WHAT YOU SHOULD DO:
Return a faithful copy of all the entries, omitting the images.

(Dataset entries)

################

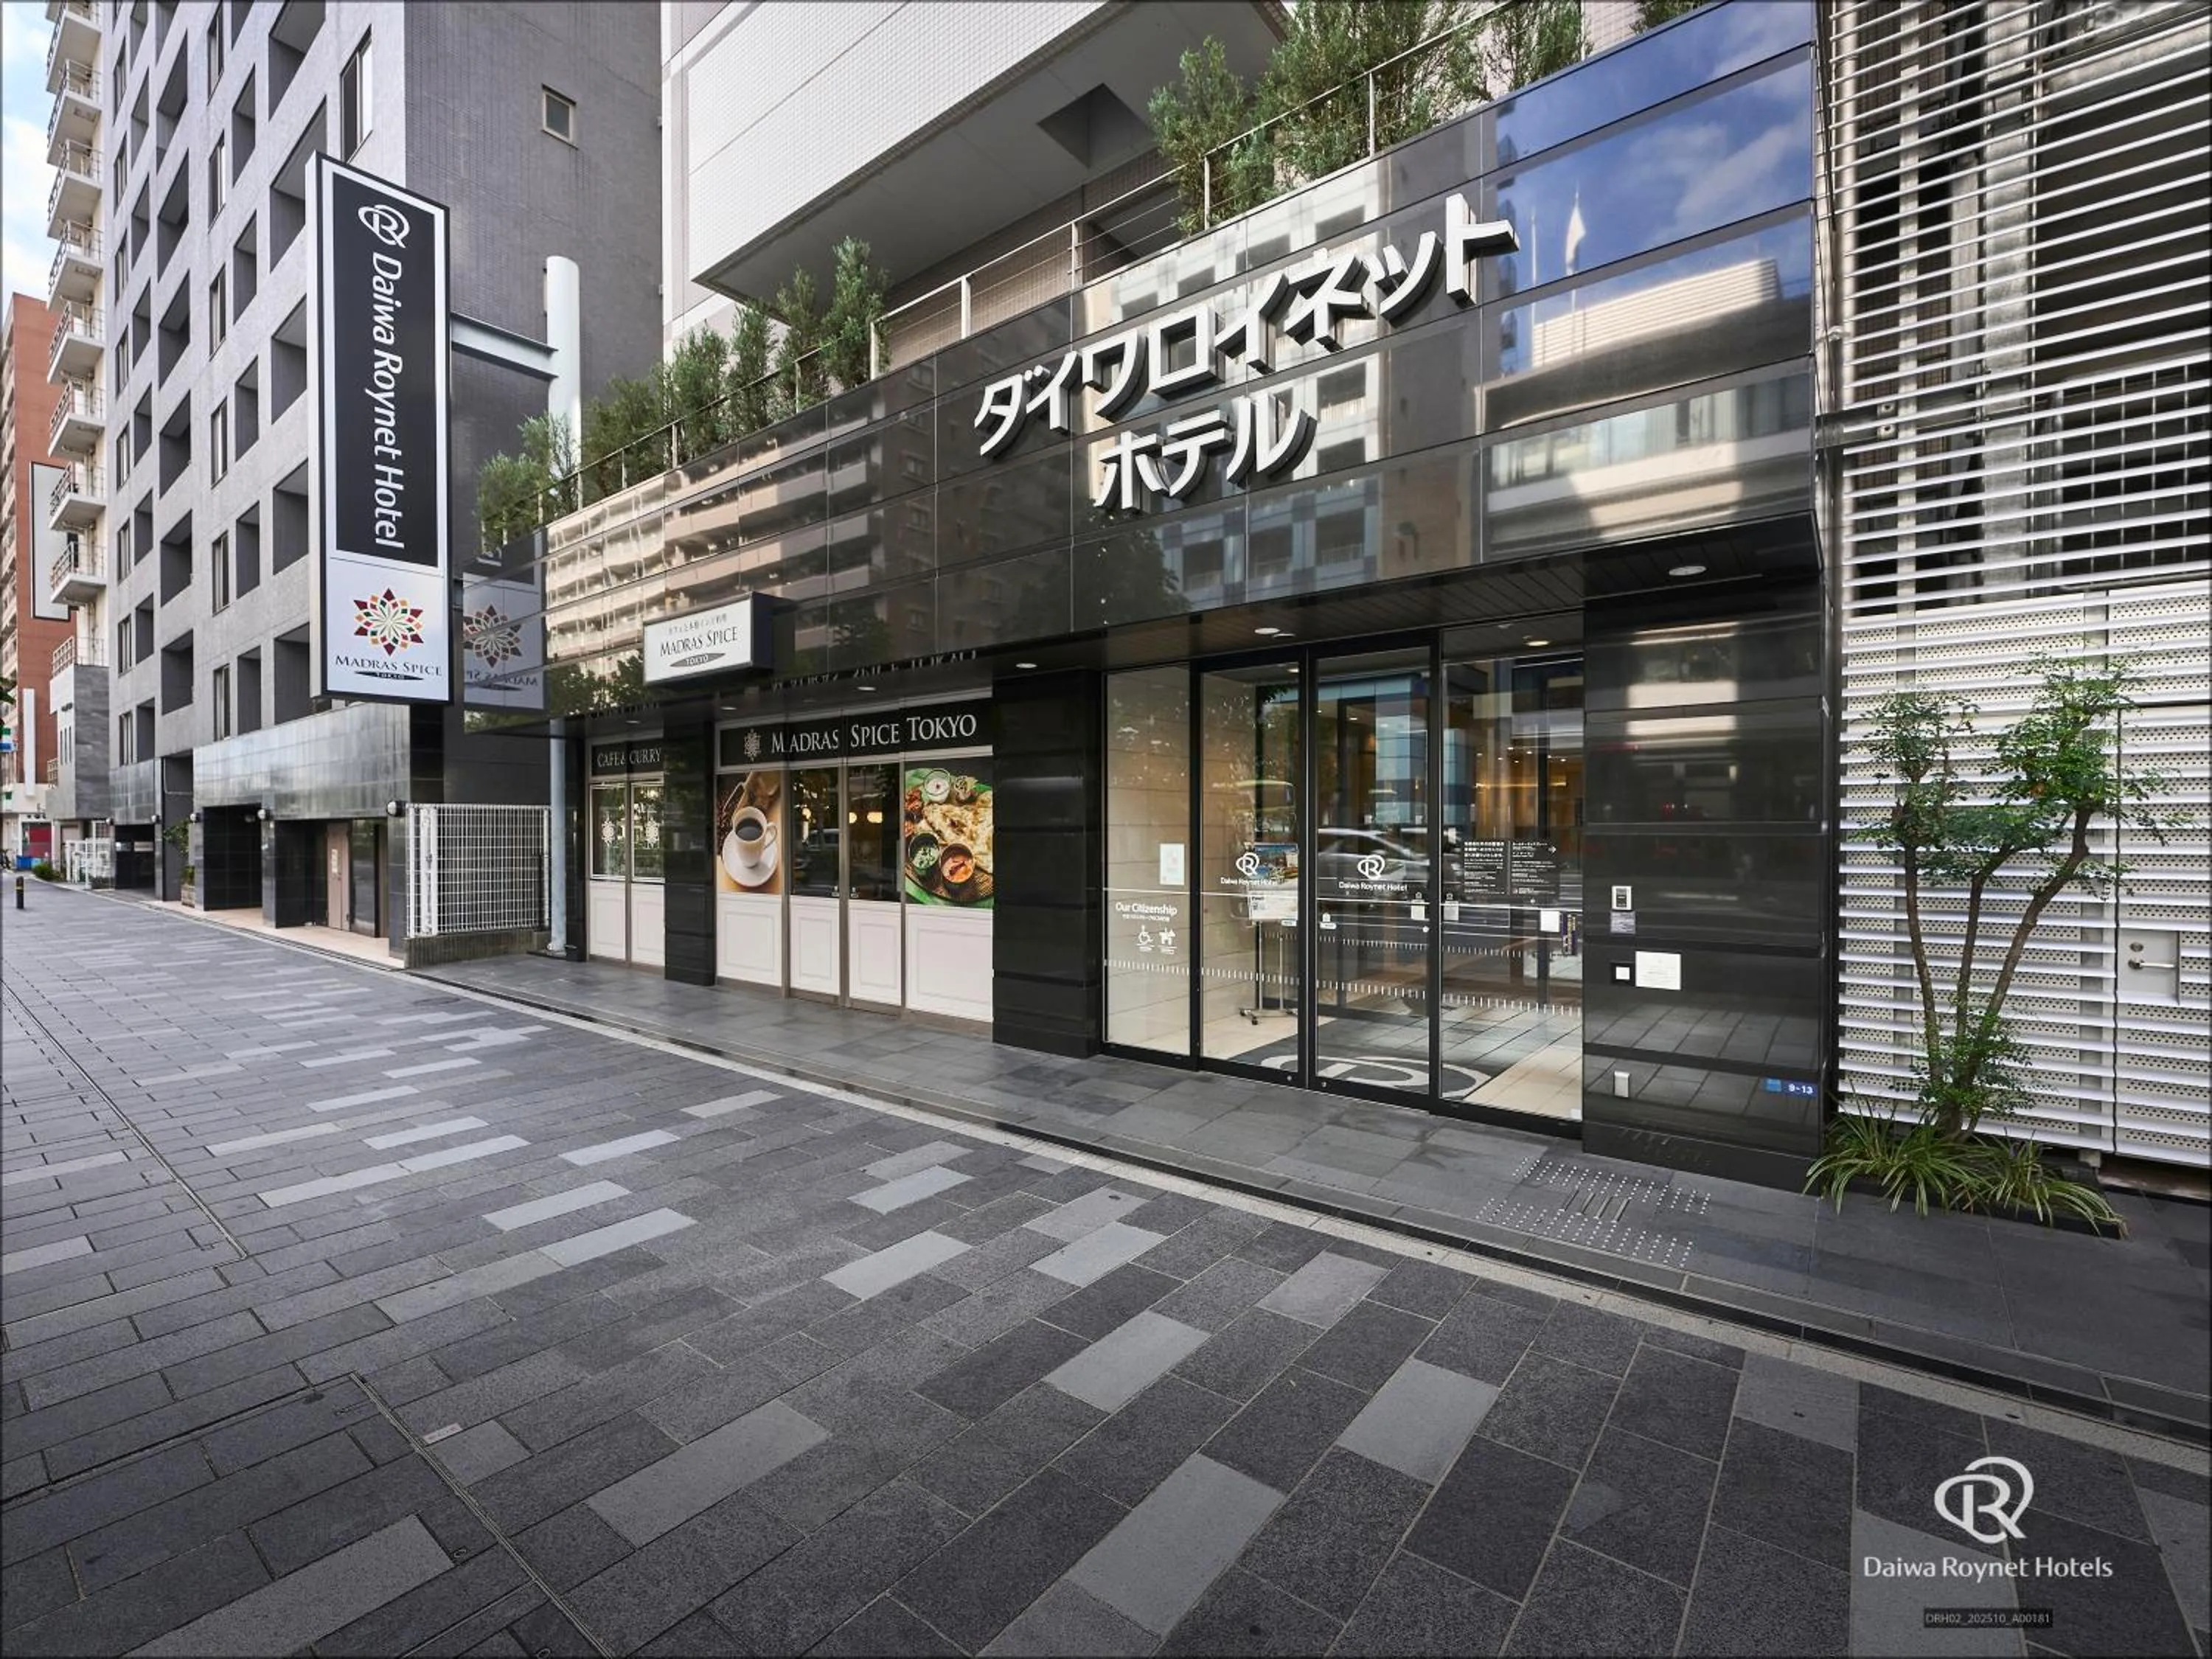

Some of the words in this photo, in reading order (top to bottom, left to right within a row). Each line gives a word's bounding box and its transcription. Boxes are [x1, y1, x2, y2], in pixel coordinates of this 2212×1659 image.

[372, 251, 403, 345] Daiwa
[973, 193, 1519, 459] ダイワロイネット
[364, 348, 403, 461] Roynet
[1093, 392, 1317, 510] ホテル
[374, 464, 405, 549] Hotel
[660, 636, 703, 658] MADRAS
[707, 626, 738, 647] SPICE
[685, 653, 709, 666] TOKYO
[335, 655, 397, 671] MADRAS
[402, 661, 442, 677] SPICE
[771, 729, 838, 754] MADRAS
[850, 723, 900, 748] SPICE
[907, 714, 977, 741] TOKYO
[629, 747, 661, 765] CURRY
[1116, 902, 1130, 912] Our
[1132, 902, 1178, 917] Citizenship

################

TASK ANSWER:
Some of the words in this photo, in reading order (top to bottom, left to right within a row). Each line gives a word's bounding box and its transcription. Boxes are [x1, y1, x2, y2], in pixel coordinates of this 2212×1659 image.

[372, 251, 403, 345] Daiwa
[973, 193, 1519, 459] ダイワロイネット
[364, 348, 403, 461] Roynet
[1093, 392, 1317, 510] ホテル
[374, 464, 405, 549] Hotel
[660, 636, 703, 658] MADRAS
[707, 626, 738, 647] SPICE
[685, 653, 709, 666] TOKYO
[335, 655, 397, 671] MADRAS
[402, 661, 442, 677] SPICE
[771, 729, 838, 754] MADRAS
[850, 723, 900, 748] SPICE
[907, 714, 977, 741] TOKYO
[629, 747, 661, 765] CURRY
[1116, 902, 1130, 912] Our
[1132, 902, 1178, 917] Citizenship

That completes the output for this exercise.